Text-to-region grounding data
____

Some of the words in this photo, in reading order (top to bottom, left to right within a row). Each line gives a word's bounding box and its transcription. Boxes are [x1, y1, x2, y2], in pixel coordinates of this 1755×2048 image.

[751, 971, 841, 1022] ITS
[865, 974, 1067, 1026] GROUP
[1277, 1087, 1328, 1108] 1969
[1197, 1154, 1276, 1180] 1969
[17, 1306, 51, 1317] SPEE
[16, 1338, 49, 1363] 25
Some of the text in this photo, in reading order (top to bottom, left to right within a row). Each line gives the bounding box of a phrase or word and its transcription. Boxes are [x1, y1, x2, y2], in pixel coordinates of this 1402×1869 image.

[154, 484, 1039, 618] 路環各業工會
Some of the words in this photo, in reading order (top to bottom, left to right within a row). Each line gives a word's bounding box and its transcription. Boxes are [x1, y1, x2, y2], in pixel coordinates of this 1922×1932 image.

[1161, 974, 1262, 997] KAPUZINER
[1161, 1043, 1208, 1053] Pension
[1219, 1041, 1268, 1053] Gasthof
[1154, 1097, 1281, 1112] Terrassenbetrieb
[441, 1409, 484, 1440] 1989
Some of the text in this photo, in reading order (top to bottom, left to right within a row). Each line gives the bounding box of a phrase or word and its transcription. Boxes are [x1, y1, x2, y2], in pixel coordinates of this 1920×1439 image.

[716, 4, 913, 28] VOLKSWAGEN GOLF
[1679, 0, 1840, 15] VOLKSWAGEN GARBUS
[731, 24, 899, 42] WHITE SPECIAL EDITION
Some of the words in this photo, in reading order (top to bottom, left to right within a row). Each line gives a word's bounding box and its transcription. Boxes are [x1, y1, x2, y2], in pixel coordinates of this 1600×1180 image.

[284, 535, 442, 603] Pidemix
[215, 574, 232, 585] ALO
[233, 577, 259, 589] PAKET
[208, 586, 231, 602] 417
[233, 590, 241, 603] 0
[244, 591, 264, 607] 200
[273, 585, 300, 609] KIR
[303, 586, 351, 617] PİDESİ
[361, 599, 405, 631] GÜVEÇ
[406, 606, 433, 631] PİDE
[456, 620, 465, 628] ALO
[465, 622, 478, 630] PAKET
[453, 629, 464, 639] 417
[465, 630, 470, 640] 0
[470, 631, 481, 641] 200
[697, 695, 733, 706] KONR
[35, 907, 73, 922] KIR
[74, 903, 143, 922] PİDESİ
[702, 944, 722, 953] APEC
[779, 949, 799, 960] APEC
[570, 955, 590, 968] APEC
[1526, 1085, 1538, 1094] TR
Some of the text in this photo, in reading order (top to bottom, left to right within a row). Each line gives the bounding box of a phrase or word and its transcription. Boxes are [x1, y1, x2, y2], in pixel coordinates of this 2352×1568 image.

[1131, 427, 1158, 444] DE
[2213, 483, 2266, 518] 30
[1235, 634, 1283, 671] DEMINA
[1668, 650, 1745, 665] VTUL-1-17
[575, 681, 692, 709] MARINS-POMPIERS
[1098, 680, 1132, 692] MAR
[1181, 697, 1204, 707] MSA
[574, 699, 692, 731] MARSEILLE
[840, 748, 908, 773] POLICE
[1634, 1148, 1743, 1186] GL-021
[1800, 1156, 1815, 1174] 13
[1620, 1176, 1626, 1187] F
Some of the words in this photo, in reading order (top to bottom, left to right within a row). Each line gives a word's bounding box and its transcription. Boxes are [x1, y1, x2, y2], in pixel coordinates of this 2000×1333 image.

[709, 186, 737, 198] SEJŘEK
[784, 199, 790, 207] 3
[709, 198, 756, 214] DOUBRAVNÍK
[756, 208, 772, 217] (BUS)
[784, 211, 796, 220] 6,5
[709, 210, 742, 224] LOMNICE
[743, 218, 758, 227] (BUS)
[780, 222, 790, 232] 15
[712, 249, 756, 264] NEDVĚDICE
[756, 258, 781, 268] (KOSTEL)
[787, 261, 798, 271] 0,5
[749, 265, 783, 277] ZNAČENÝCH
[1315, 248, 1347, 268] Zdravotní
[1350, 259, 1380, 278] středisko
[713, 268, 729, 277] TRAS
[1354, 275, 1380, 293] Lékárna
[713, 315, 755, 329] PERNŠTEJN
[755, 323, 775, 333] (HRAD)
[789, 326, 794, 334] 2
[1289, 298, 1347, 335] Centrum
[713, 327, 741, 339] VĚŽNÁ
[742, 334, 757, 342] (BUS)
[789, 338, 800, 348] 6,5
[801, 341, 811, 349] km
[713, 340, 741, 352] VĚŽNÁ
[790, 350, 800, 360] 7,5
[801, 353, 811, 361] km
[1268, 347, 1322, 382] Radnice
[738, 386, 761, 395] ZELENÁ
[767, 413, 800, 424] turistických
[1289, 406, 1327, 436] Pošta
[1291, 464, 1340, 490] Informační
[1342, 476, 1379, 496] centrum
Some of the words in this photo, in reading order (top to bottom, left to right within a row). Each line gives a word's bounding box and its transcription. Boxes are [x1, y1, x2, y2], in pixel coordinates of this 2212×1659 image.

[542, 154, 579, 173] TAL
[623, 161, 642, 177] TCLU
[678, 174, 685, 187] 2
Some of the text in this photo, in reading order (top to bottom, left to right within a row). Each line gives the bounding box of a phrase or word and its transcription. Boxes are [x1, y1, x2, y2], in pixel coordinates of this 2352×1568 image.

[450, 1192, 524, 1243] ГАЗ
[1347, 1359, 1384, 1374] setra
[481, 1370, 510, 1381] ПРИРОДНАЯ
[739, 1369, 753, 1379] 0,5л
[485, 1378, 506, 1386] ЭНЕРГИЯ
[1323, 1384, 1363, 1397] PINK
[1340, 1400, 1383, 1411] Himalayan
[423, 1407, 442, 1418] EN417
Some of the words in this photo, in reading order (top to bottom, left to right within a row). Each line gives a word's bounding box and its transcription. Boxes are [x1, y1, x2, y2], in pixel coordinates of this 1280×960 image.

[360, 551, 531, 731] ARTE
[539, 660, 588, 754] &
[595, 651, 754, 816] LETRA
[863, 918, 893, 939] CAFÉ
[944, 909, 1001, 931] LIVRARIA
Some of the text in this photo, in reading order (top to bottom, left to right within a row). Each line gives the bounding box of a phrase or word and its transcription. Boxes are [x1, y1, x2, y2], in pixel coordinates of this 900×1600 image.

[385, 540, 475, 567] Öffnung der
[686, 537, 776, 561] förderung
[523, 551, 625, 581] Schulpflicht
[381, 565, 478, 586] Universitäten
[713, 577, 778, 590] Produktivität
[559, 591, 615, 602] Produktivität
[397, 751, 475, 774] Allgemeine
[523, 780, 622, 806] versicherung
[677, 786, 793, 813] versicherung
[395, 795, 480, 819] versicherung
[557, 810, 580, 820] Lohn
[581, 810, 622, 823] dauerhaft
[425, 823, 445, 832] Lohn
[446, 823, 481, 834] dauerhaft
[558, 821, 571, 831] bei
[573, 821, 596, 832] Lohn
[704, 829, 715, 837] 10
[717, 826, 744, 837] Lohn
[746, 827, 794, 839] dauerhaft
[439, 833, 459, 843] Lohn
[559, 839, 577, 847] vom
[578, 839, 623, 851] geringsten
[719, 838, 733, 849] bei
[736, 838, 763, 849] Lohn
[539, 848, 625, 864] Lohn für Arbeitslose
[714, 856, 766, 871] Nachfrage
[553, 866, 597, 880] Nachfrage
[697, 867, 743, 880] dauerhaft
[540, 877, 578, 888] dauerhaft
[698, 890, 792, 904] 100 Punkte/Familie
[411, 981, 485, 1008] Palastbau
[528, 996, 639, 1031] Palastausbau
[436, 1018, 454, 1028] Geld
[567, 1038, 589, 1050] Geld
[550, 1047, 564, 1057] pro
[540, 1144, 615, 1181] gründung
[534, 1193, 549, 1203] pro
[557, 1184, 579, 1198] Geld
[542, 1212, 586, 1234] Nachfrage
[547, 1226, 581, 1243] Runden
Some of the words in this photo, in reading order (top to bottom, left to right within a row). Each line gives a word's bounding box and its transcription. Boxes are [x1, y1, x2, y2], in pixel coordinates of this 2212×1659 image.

____

**Work order**
Return exactly the lines from the line bearing "this 900×1600 image." to the end of the records, inclusive of both; include no other lines.

**Task answer**
Some of the text in this photo, in reading order (top to bottom, left to right within a row). Each line gives the bounding box of a phrase or word and its transcription. Boxes are [x1, y1, x2, y2], in pixel coordinates of this 900×1600 image.

[385, 540, 475, 567] Öffnung der
[686, 537, 776, 561] förderung
[523, 551, 625, 581] Schulpflicht
[381, 565, 478, 586] Universitäten
[713, 577, 778, 590] Produktivität
[559, 591, 615, 602] Produktivität
[397, 751, 475, 774] Allgemeine
[523, 780, 622, 806] versicherung
[677, 786, 793, 813] versicherung
[395, 795, 480, 819] versicherung
[557, 810, 580, 820] Lohn
[581, 810, 622, 823] dauerhaft
[425, 823, 445, 832] Lohn
[446, 823, 481, 834] dauerhaft
[558, 821, 571, 831] bei
[573, 821, 596, 832] Lohn
[704, 829, 715, 837] 10
[717, 826, 744, 837] Lohn
[746, 827, 794, 839] dauerhaft
[439, 833, 459, 843] Lohn
[559, 839, 577, 847] vom
[578, 839, 623, 851] geringsten
[719, 838, 733, 849] bei
[736, 838, 763, 849] Lohn
[539, 848, 625, 864] Lohn für Arbeitslose
[714, 856, 766, 871] Nachfrage
[553, 866, 597, 880] Nachfrage
[697, 867, 743, 880] dauerhaft
[540, 877, 578, 888] dauerhaft
[698, 890, 792, 904] 100 Punkte/Familie
[411, 981, 485, 1008] Palastbau
[528, 996, 639, 1031] Palastausbau
[436, 1018, 454, 1028] Geld
[567, 1038, 589, 1050] Geld
[550, 1047, 564, 1057] pro
[540, 1144, 615, 1181] gründung
[534, 1193, 549, 1203] pro
[557, 1184, 579, 1198] Geld
[542, 1212, 586, 1234] Nachfrage
[547, 1226, 581, 1243] Runden
Some of the words in this photo, in reading order (top to bottom, left to right within a row). Each line gives a word's bounding box and its transcription. Boxes are [x1, y1, x2, y2], in pixel coordinates of this 2212×1659 image.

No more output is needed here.